Medi-Cal system encourages abuse

Source: OC Register
After more than a year, California’s politicians and health insurers have finally agreed to and passed last month what California Healthline calls a “tax hike in name only” to finance Medi-Cal. If only it were that simple. Funded jointly by the state and federal governments, Medi-Cal is the subject of perverse political incentives to hike taxes and spend more money on this welfare program, impoverishing treasuries. California and the nation need a new way to finance Medicaid.
Gov. Jerry Brown first proposed a new Managed Care Organization tax back in January 2015. It would replace a similar tax that would no longer be acceptable to the federal government by July 31. The current tax is a 3.9 percent levy on all revenues earned by Medi-Cal Managed Care Organizations, which are operated by private insurers. It raised $1.2 billion in fiscal year 2015-16. That seems straightforward enough. So why does the Obama administration disapprove of this tax?

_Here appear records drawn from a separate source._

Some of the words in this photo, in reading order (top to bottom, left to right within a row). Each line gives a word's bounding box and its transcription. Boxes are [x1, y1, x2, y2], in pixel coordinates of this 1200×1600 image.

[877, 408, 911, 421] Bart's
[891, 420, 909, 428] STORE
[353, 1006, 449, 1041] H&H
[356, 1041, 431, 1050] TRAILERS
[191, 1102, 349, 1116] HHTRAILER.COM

Medicaid has a horrible financing mechanism: Federal transfers to states are not based on the number of poor people, or any other reasonable calculation. Instead, they depend on the amount of its own taxpayers’ money a state spends. Traditionally, when California spent $1 on Medi-Cal, the federal government kicked in $1. After Obamacare passed in March 2010, more people became eligible for Medi-Cal because California agreed to accept the federal funds and expand its Medi-Cal program. For the newly eligible, the federal government pays the entire cost through 2017, sliding down to 90 percent in 2020.
So, state politicians hike taxes and spending on their own citizens in order to get as much funding as possible from people in other states (via the feds). Hospitals and Medicaid MCOs maximize this by agreeing to a state tax on themselves, which the state uses to ratchet up the federal funding. After multiplication, the money goes right back to these providers.

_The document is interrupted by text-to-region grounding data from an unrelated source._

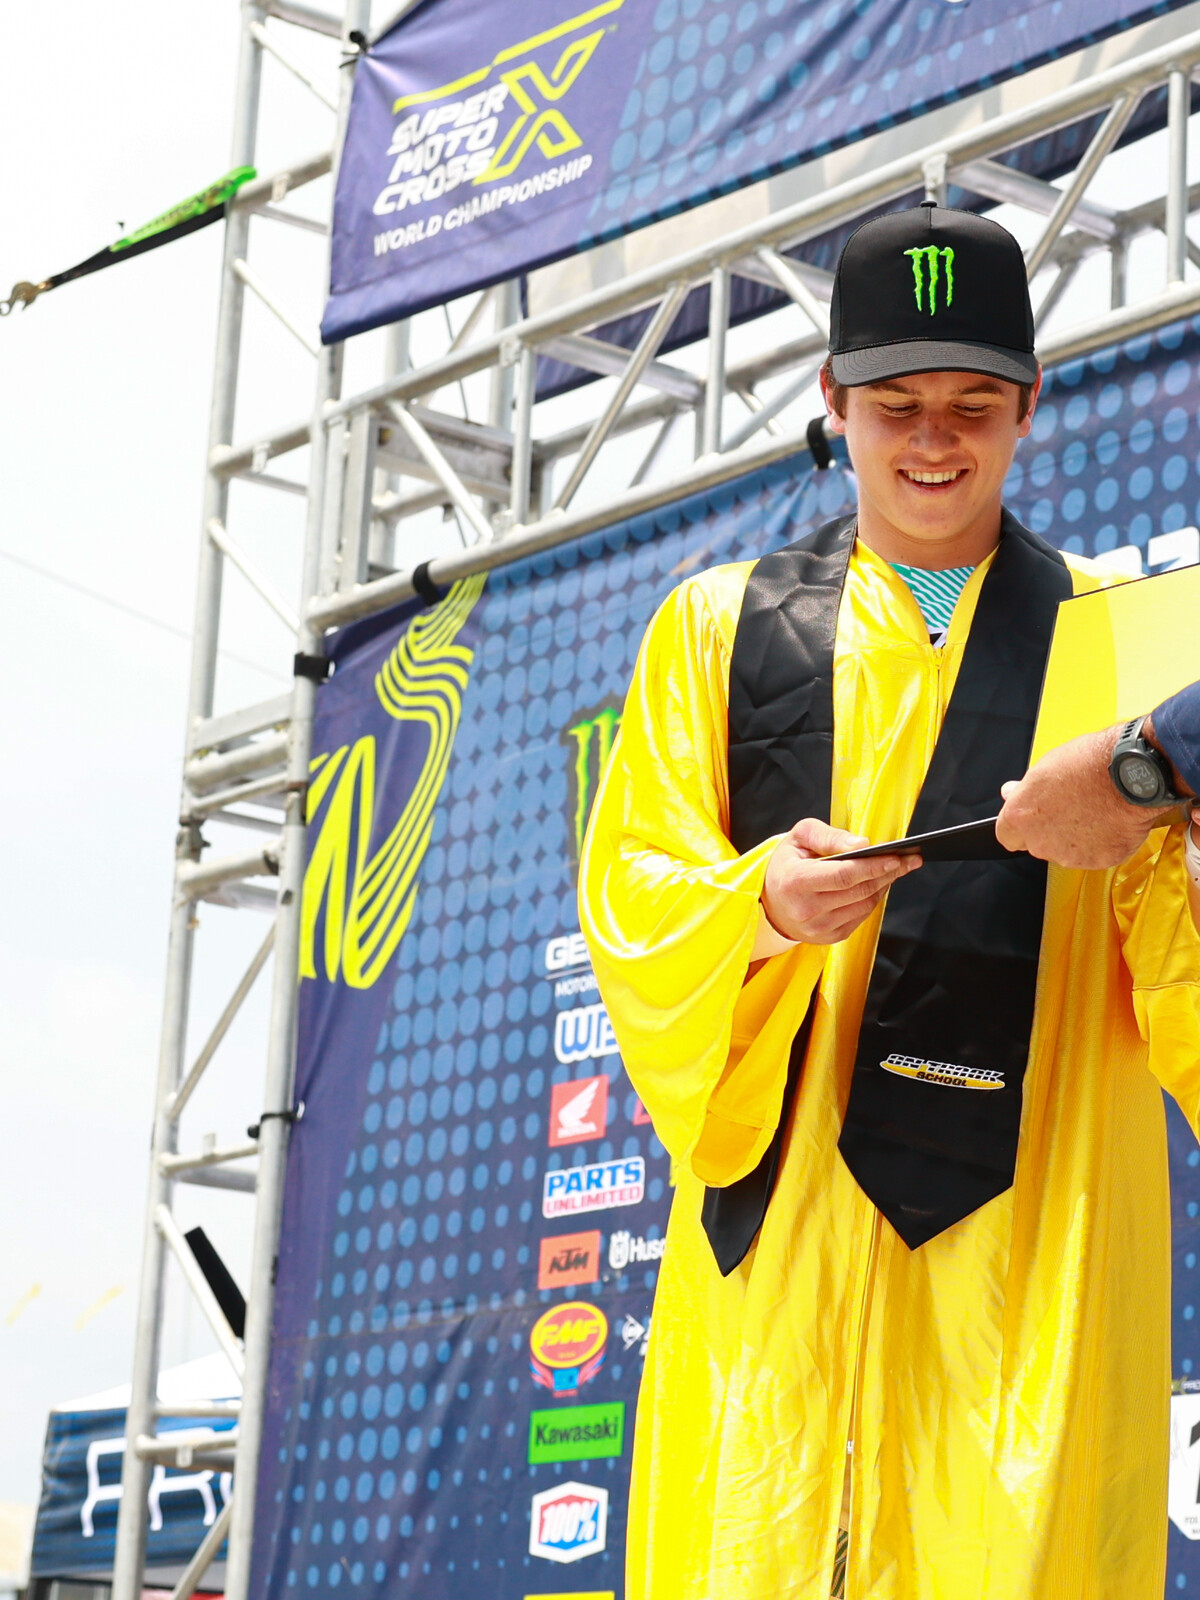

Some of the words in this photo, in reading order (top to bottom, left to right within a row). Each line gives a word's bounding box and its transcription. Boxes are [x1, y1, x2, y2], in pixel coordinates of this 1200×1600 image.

[387, 83, 510, 156] SUPER
[388, 117, 499, 184] MOTO
[372, 148, 497, 216] CROSS
[374, 214, 442, 256] WORLD
[443, 154, 593, 231] CHAMPIONSHIP
[916, 1071, 967, 1087] SCHOOL
[547, 1161, 641, 1197] PARTS
[545, 1186, 641, 1214] UNLIMITED
[549, 1247, 590, 1274] KTM
[538, 1318, 602, 1348] FMF
[535, 1416, 618, 1447] Kawasaki
[541, 1500, 598, 1544] 100%

The Obama administration – which bears the greatest responsibility for fueling this “race to the bottom” by expanding Medicaid via Obamacare – has tried to clamp down on the abuse. In 2014, it notified the state of California that revenue from the current MCO tax would no longer be allowed in the game after this fiscal year.
The reason given is that the tax is levied only on Medicaid MCOs, and is, therefore, obviously only for the purpose of ratcheting up federal dollars transferred to the state. California’s politicians and MCOs set about gaming the system by conjuring up another MCO tax that applies to all MCOs, not just Medicaid MCOs. Obviously, non-Medicaid MCOs rebelled. So, over the past year, they have rigged up a convoluted, Rube Goldberg tax with four “tiers” of taxation (plus one just for Kaiser Permanente) and rebates of corporate and gross premium taxes to compensate the non-Medicaid MCOs.
Gross revenues from the new MCO tax for FY 2016-17 will be $2.38 billion. $740 million will go to transfers between the Medicaid MCOs to compensate for moving from a simple, flat rate to a confusing system of three tiers. $371 million will cover the reduced funding from the corporate and gross premiums tax cuts. Net, that leaves $1.27 billion for Medi-Cal funding, which is about what the current MCO tax would have yielded next year.
A “tax in name only”? More like a game of whack-a-mole. Whatever the MCO tax looks like, it always grows: In two earlier fiscal years, 2010-11 and 2011-12, the total haul was just $422 million. For the last two fiscal years, 2014-15 and 2015-2016, the total was $3.2 billion. It is a prime culprit in out of control Medi-Cal spending growth.
Stopping this wild spending growth requires fundamental reform to Medicaid’s financing. Congressional Republicans have proposed “block grants,” whereby states would get federal Medicaid transfers based on their population of poor residents, not how much they gouge out of their own people. California’s politicians and health plans should encourage such reform, instead of wasting time and energy gaming the current system.